Le gouvernement vient de prendre une décision qui fait du bruit dans le monde du numérique. La Plateforme des données de santé, aussi appelée Health Data Hub, va quitter les serveurs de Microsoft Azure. L’État français a décidé de migrer l’ensemble du Système national des données de santé vers une infrastructure cloud qualifiée SecNumCloud. Une copie complète de la base devrait être hébergée sur ce nouveau socle d’ici fin 2026. Ce virage marque un tournant politique et technique dans la gestion des données de santé les plus sensibles du pays.
Pourquoi la France hébergeait ses données de santé chez Microsoft ?
L’histoire remonte à 2019. Le gouvernement lance le Health Data Hub pour centraliser et exploiter les données du système de santé français. Le choix se porte sur Microsoft Azure pour héberger cette plateforme. À l’époque, aucune offre cloud française ne répondait aux exigences techniques du projet. Le SNDS rassemble les données de remboursement de l’Assurance maladie, les séjours hospitaliers et les causes médicales de décès. Un trésor statistique de plusieurs milliards de lignes couvrant 67 millions de Français. Confier tout cela à un acteur américain a immédiatement provoqué des critiques. Mais l’urgence technique l’a emporté sur le débat politique.

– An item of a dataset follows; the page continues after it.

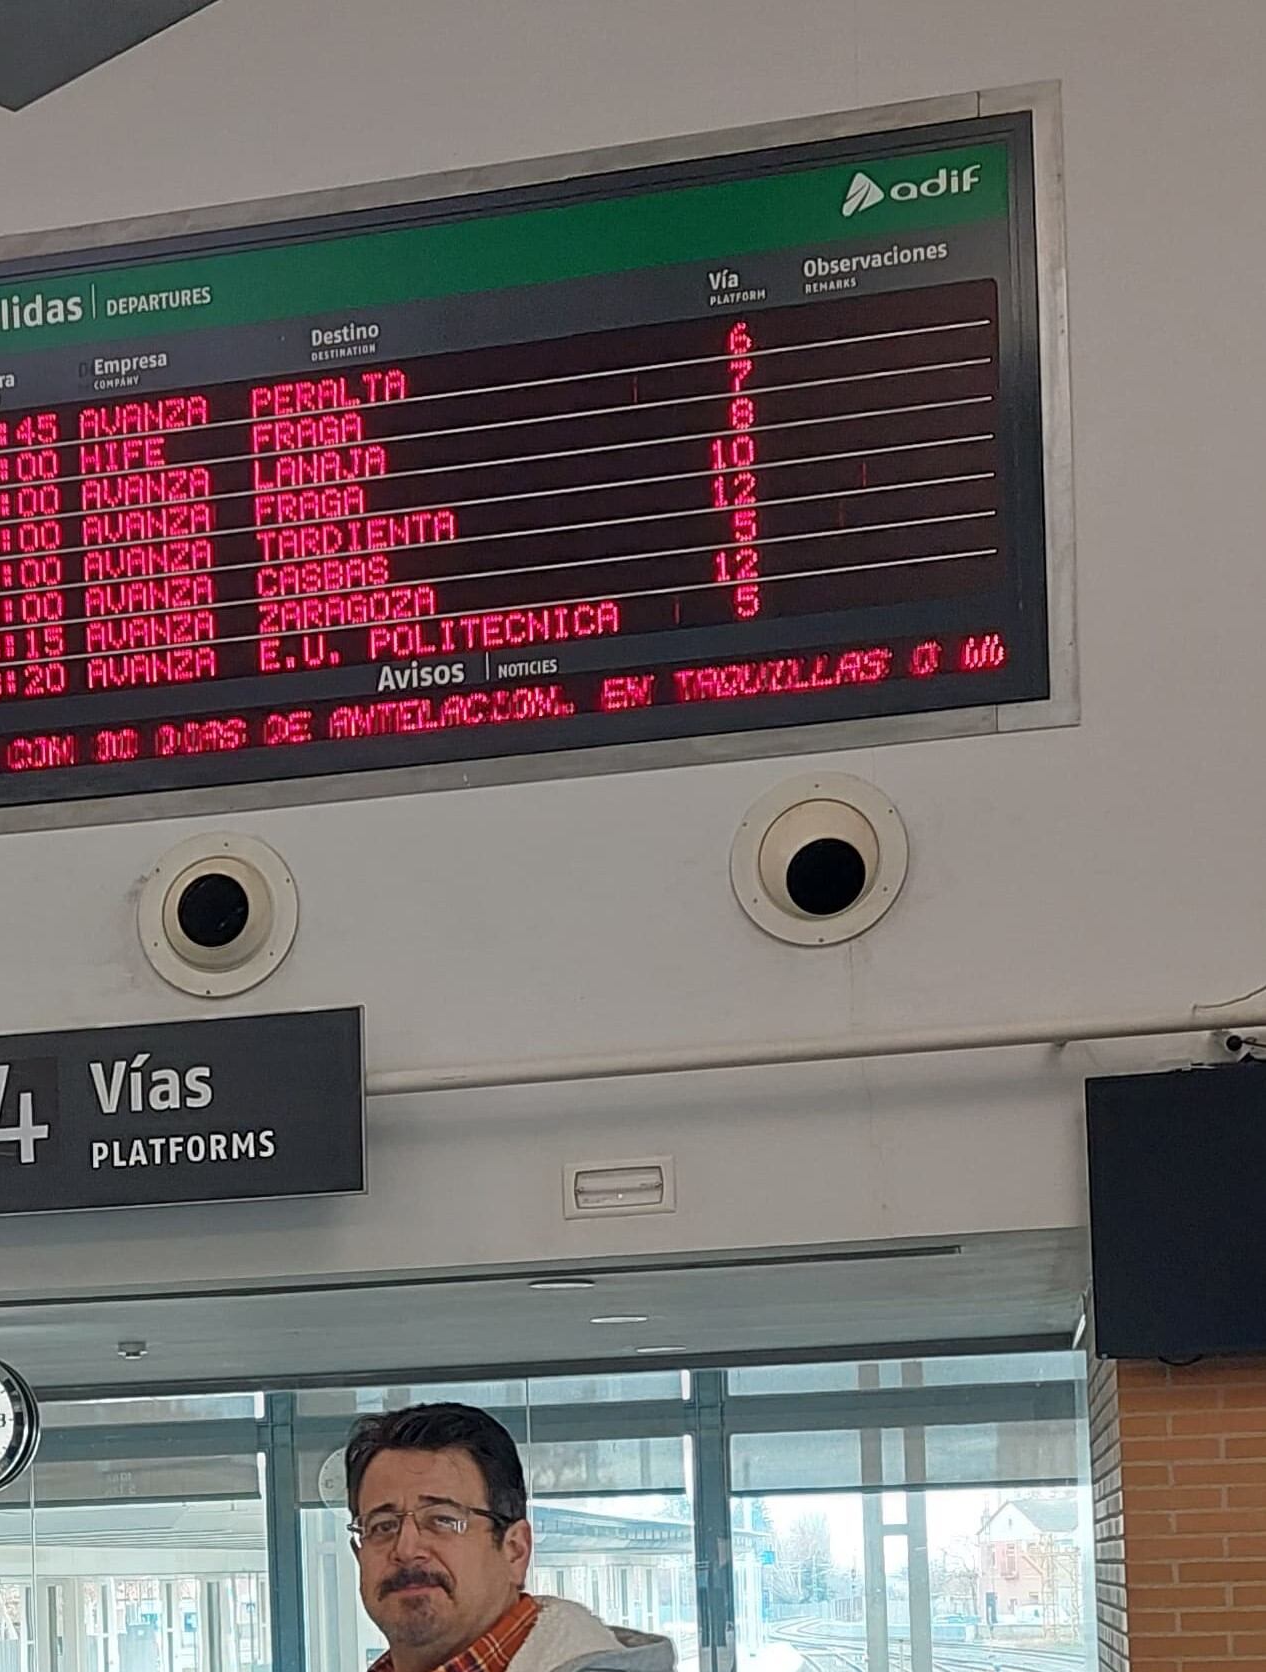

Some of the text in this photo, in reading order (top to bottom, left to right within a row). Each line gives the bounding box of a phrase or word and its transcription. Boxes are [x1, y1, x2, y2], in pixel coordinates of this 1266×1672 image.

Le problème juridique du Cloud Act sur les données de santé
Le fond du problème tient en deux mots : Cloud Act. Cette loi américaine adoptée en 2018 permet aux autorités des États-Unis d’exiger l’accès aux données hébergées par des entreprises américaines. Peu importe que les serveurs soient situés à Paris, Amsterdam ou Francfort. Si l’hébergeur est américain, le FBI peut légalement demander à consulter les fichiers. Pour des données de santé, la menace n’est pas théorique. Le Conseil d’État et la CNIL ont plusieurs fois alerté sur ce risque. La section 702 du FISA vient compléter le dispositif en autorisant une surveillance élargie des communications de ressortissants non américains.
Ce que change la migration vers SecNumCloud
L’État renonce à la solution dite intercalaire qui devait servir de transition. La migration se fera directement vers une infrastructure qualifiée SecNumCloud par l’ANSSI. Ce label garantit un niveau de sécurité élevé et surtout une immunité face aux législations extra-européennes. Concrètement, aucune autorité étrangère ne pourra exiger l’accès aux données hébergées. Les futurs prestataires seront choisis via le marché Nuage Public piloté par la DINUM. L’objectif affiché est d’héberger une copie complète du SNDS sur cette nouvelle infrastructure avant la fin de l’année 2026.
Les acteurs français capables de prendre le relais
Plusieurs entreprises françaises se positionnent déjà. OVHcloud, Outscale (filiale de Dassault Systèmes) et NumSpot figurent parmi les candidats les plus sérieux. Tous disposent de la qualification SecNumCloud ou sont en cours d’obtention. Le projet S3NS, né du partenariat entre Thales et Google, propose aussi une offre de cloud de confiance avec un opérateur français aux commandes. EDF a d’ailleurs déjà choisi cette voie en novembre 2025 pour ses propres besoins. Le marché existe. Les solutions aussi. Ce qui manquait jusqu’ici, c’était la volonté politique de franchir le pas.
Un signal fort pour la souveraineté numérique française
Cette décision dépasse le simple cadre technique. Elle envoie un message à l’ensemble des administrations et des entreprises françaises. Si le Health Data Hub peut quitter Microsoft, tout le monde peut le faire. Le Sénat avait qualifié le choix initial d’erreur caractérisée, voire de faute politique. L’Assemblée nationale a voté en janvier 2026 la création d’une commission d’enquête sur les dépendances numériques. Trente députés planchent pendant six mois sur le sujet. La pression monte.
Ce que risquent vos données de santé sans cette migration
Le danger n’est pas abstrait. Vos données de santé contiennent vos antécédents médicaux, vos prescriptions, vos hospitalisations et vos remboursements. Entre les mains d’un assureur étranger ou d’un service de renseignement, ces informations deviennent un levier de pression considérable. La fuite Cegedim de fin 2025 a déjà exposé les données administratives et parfois médicales de 15 millions de Français. Sans hébergement souverain, le risque de compromission reste permanent. La migration vers SecNumCloud ne règle pas tout. Mais elle referme une porte que le Cloud Act laissait grande ouverte sur les données de santé de toute la population française.